I can see that, the jews have a way with words. 

there's something similar with  The Greeks called theologoumena which is a theological opinion that isn't dogmatic or goes against dogma. (don't quote me) Eden in Genesis could be a garden on earth, life on mars, an alternative state, or a parallel universe. none of those things go against dogma (necessarily) so it's not wrong to say it could be those, but it's not definitive either. If you're a rational person, you'll mind will break trying to get a definitive answer on non dogmatic questions.  Alien and UFO sightings are demons appearing on earth.


----------



## Lord of the Large Pants (Mar 8, 2021)

To take a stab at answering that, first you have to understand how ancient creation stories work. When you look at creation stories from that era (Jewish, Babylonian, Egyptian), exactly none of it is about creating existence out of non-existence. They're about creating order out of chaos. It's about getting from primordial chaos to a functioning ecosystem. And as it turns out, evolution is actually a_ pretty damn good way to do that._ It took a rather long time to get there, but... so what?

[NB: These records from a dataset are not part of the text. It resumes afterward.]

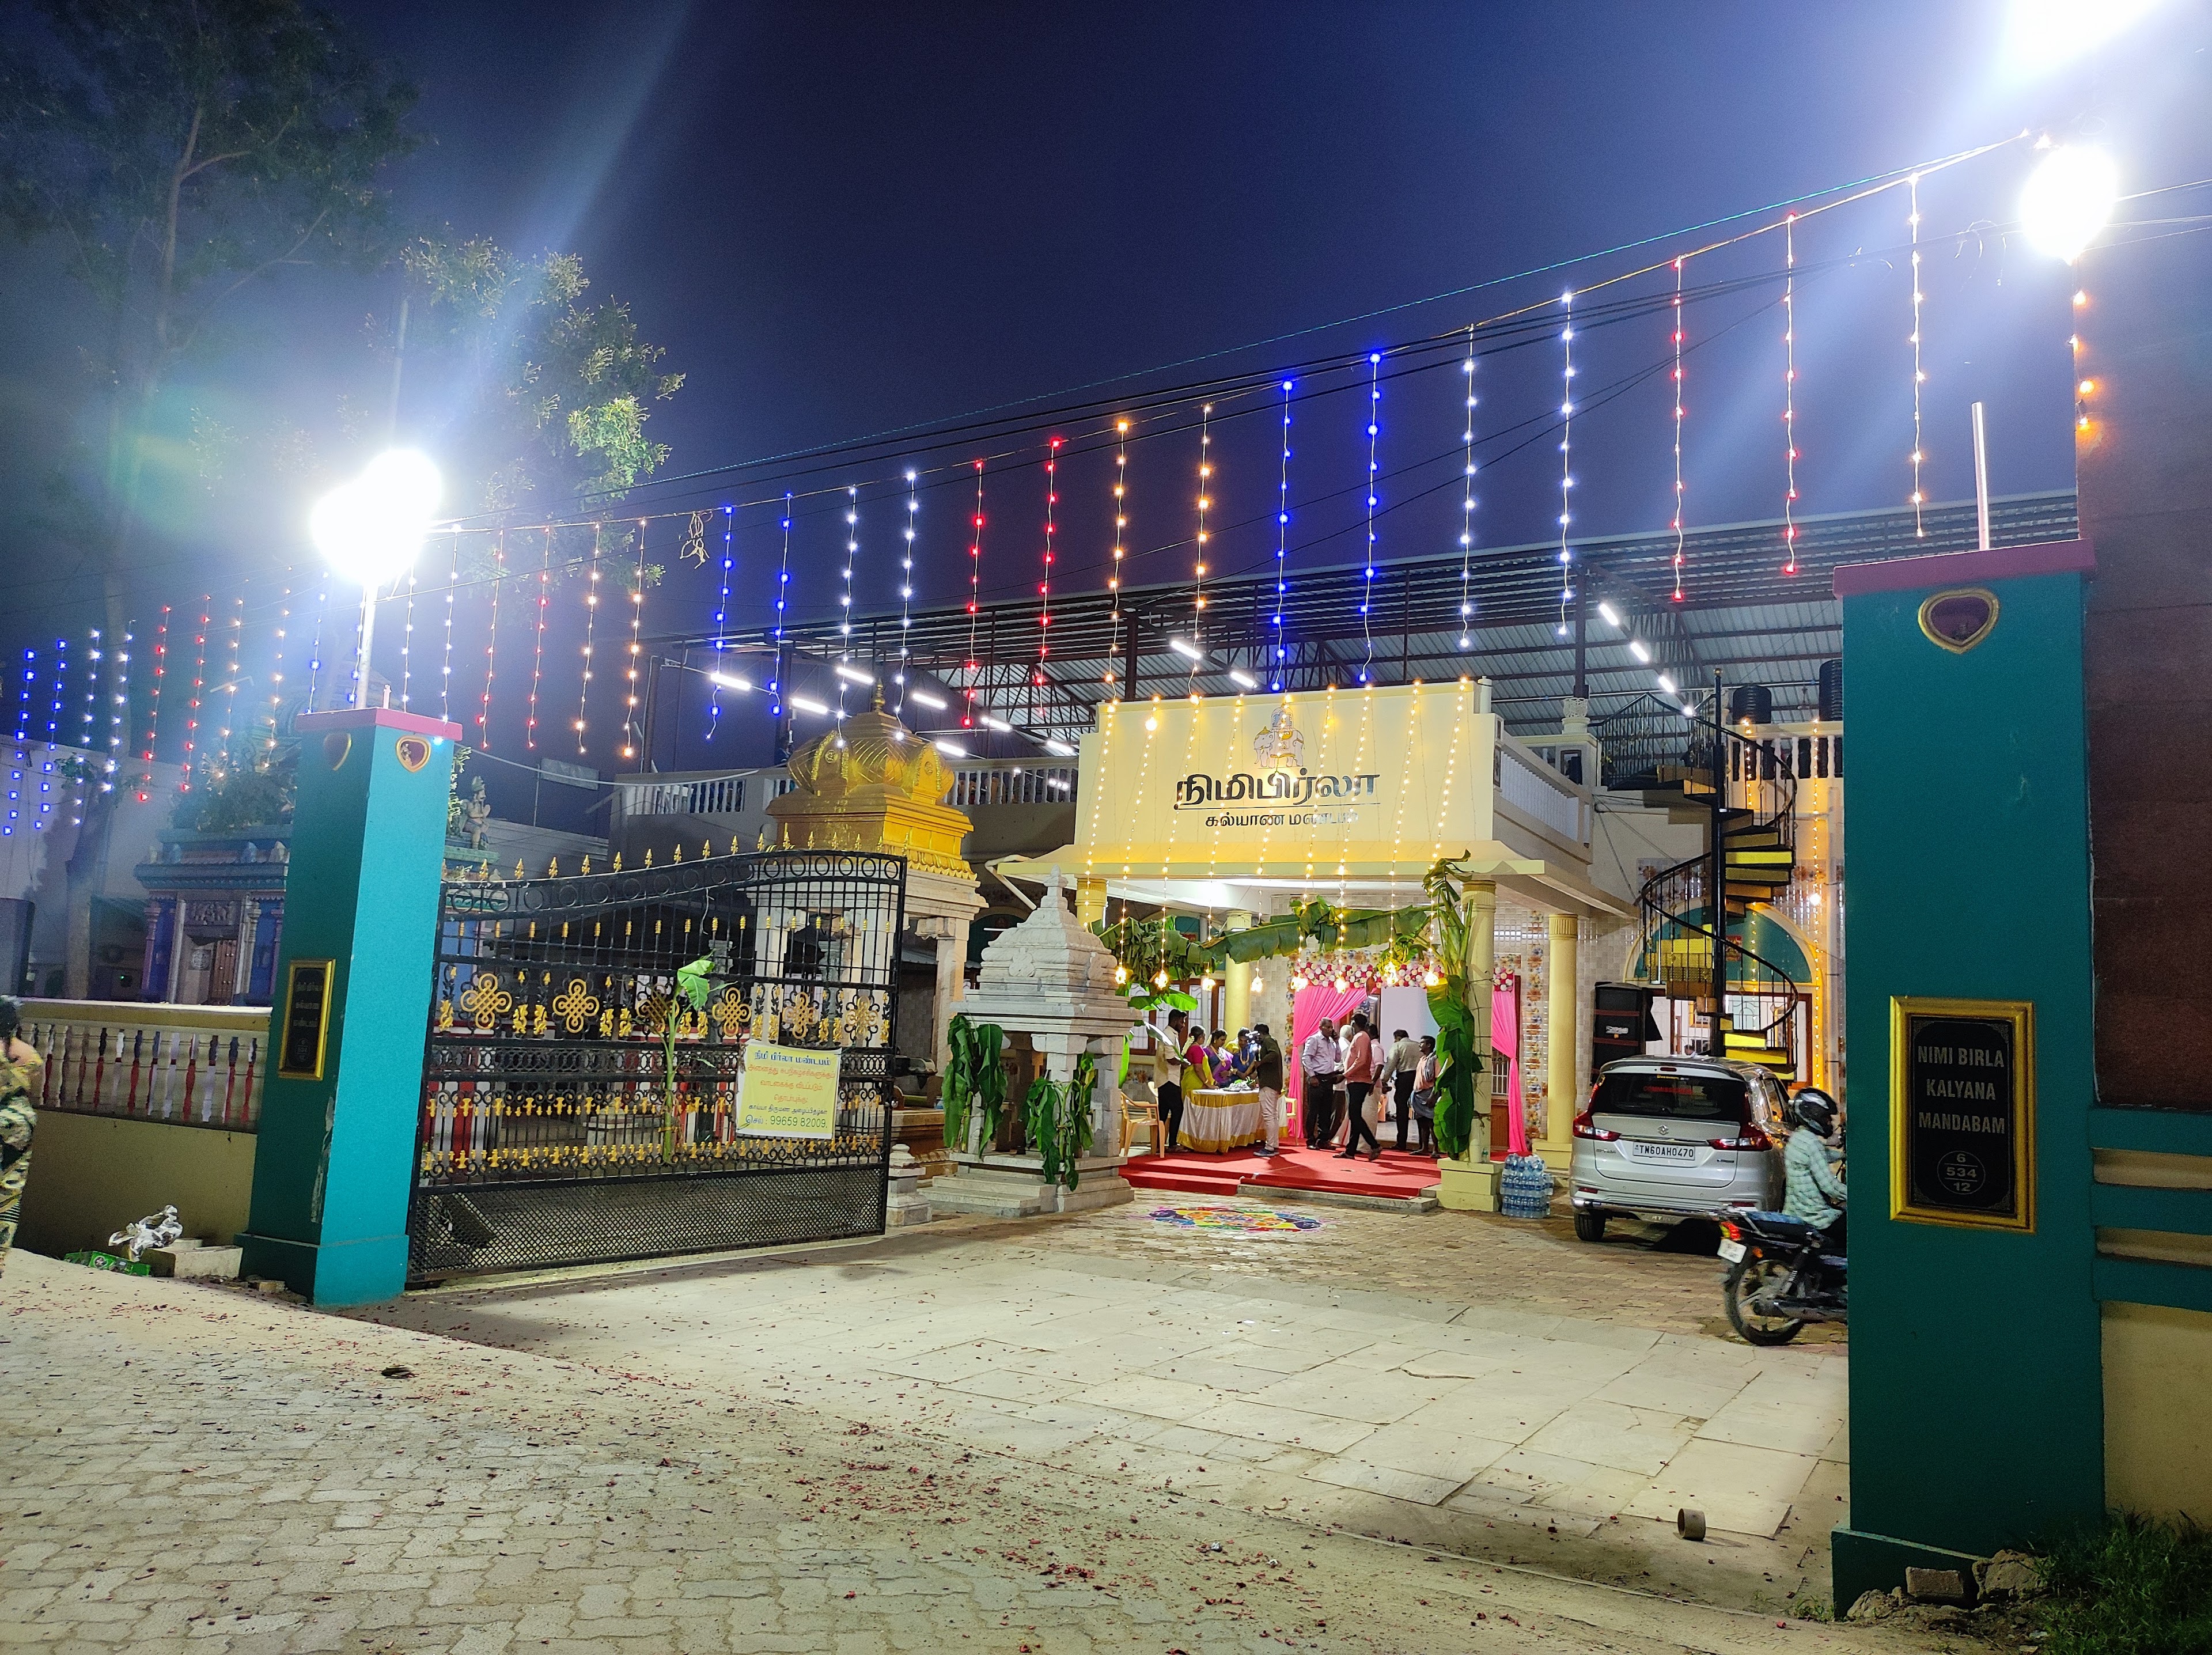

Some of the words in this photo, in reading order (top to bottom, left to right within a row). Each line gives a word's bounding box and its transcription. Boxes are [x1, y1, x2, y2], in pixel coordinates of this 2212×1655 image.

[1205, 812, 1285, 827] கல்யாண
[754, 1050, 768, 1060] நிமி
[771, 1052, 793, 1062] பிர்லா
[796, 1055, 831, 1066] மண்டபம்
[1917, 1046, 1953, 1065] NIMI
[1958, 1048, 2005, 1067] BIRLA
[1926, 1079, 1996, 1100] KALYANA
[770, 1115, 798, 1126] 99659
[1919, 1112, 2005, 1134] MANDABAM
[1639, 1145, 1694, 1158] TN60AH0470
[1957, 1153, 1966, 1163] 6
[1946, 1167, 1977, 1178] 534
[1953, 1181, 1971, 1192] 12

Now that's not to say Genesis is a coded textbook about evolution. It's not. It's structured as poetry, and it does it a disservice to read it as anything else. But instead of explaining the physical ordering of nature (as covered by science), it explains the proper relationship between God, man, and nature.


----------



## Penis Drager (Mar 8, 2021)

Rust-froth said:


> A perfectly wise god wanting to most effective path would pick the most effective one. A shit posting perfectly wise God might find it fun to see what crazy shit happens and witness in real time. What if God really likes realitys in the form of destruction derbys? You're projecting your desires for God onto God, who is unknowable. Maybe the crazy ride we're on is the most effective way.


Again, deism doesn't fall to this logic. An uncaring god can sit back and watch things roll. But one that sees man as an image of himself wouldn't bother to use this weird thing called "evolution" to make one.


----------



## Rust-froth (Mar 8, 2021)

Penis Drager said:


> Again, deism doesn't fall to this logic. An uncaring god can sit back and watch things roll. But one that sees man as an image of himself wouldn't bother to use this weird thing called "evolution" to make one.

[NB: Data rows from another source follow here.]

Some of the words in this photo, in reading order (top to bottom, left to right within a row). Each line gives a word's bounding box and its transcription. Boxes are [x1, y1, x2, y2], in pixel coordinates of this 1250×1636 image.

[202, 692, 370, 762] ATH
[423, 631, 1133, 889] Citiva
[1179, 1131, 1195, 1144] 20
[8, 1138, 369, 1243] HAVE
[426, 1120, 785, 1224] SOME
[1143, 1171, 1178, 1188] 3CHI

How do you know? You're again projecting onto something you can't understand. How do you know God is not subject to evolution?


----------



## Penis Drager (Mar 8, 2021)

Rust-froth said:


> How do you know? You're again projecting onto something you can't understand. How do you know God is not subject to evolution?


Well the bible says God is eternal, all knowing, and all powerful. Seems to follow that he's not subject to evolution if Christianity is true.


----------



## NOT Sword Fighter Super (Mar 8, 2021)

The Fool said:


> Why'd he make adam and eve with no knowledge of how to be sapient or independent but then put a tree in their garden that could make them understand reality but told them not to touch it and then punished them when they did? Did he know it was going to happen? So then why even set up the garden in the first place and just directly put them in a careless harsh world already knowing that it's terrible?

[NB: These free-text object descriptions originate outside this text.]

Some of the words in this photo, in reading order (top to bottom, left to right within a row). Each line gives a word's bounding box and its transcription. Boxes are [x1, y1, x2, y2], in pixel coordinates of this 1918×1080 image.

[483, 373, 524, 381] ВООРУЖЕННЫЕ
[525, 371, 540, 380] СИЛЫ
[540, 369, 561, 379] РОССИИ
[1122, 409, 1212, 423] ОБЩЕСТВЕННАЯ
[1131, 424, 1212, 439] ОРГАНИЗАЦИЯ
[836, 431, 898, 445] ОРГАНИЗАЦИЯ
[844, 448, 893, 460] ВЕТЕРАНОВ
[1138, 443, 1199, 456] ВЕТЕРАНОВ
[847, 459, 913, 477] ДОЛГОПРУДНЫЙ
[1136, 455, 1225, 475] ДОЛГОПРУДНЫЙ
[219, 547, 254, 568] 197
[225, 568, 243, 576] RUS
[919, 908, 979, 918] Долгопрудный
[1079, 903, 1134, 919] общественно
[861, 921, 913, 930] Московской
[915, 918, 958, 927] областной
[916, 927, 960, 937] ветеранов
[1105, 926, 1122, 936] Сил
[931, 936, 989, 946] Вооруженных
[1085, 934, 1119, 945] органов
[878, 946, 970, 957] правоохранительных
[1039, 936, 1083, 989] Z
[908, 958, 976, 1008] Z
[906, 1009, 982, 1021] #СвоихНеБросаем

Because that'd be pretty funny. 
The ultimate trolllllllllolololol


----------



## Rust-froth (Mar 8, 2021)

Penis Drager said:


> Well the bible says God is eternal, all knowing, and all powerful. Seems to follow that he's not subject to evolution if Christianity is true.


None of those things conflict with evolution.


----------



## Penis Drager (Mar 9, 2021)

Rust-froth said:


> None of those things conflict with evolution.


They conflict with the idea that God evolves. 
The assumption that he wanted humans in the first place is what conflicts with our understanding of evolution.


----------



## Dom Cruise (Mar 9, 2021)

First of all, time is completely subjective to God, it's not like he had to wait out billions of years like we would, a billion years could pass in a day, so what difference does it make how "fast" he did it when linear time is subjective and there's no "fast" or "slow" to begin with?

And secondly, the Genesis story was always meant to be an allegorical explaining of what happened in a poetic way rather than a literal transcription of events, it literally all boils down to "God created the universe, God created life, God created mankind, mankind fell prey to temptation and achieved self consciousness, possibly by influence from Lucifer, that changed the dynamic of the universe and is why we no longer live in Eden today"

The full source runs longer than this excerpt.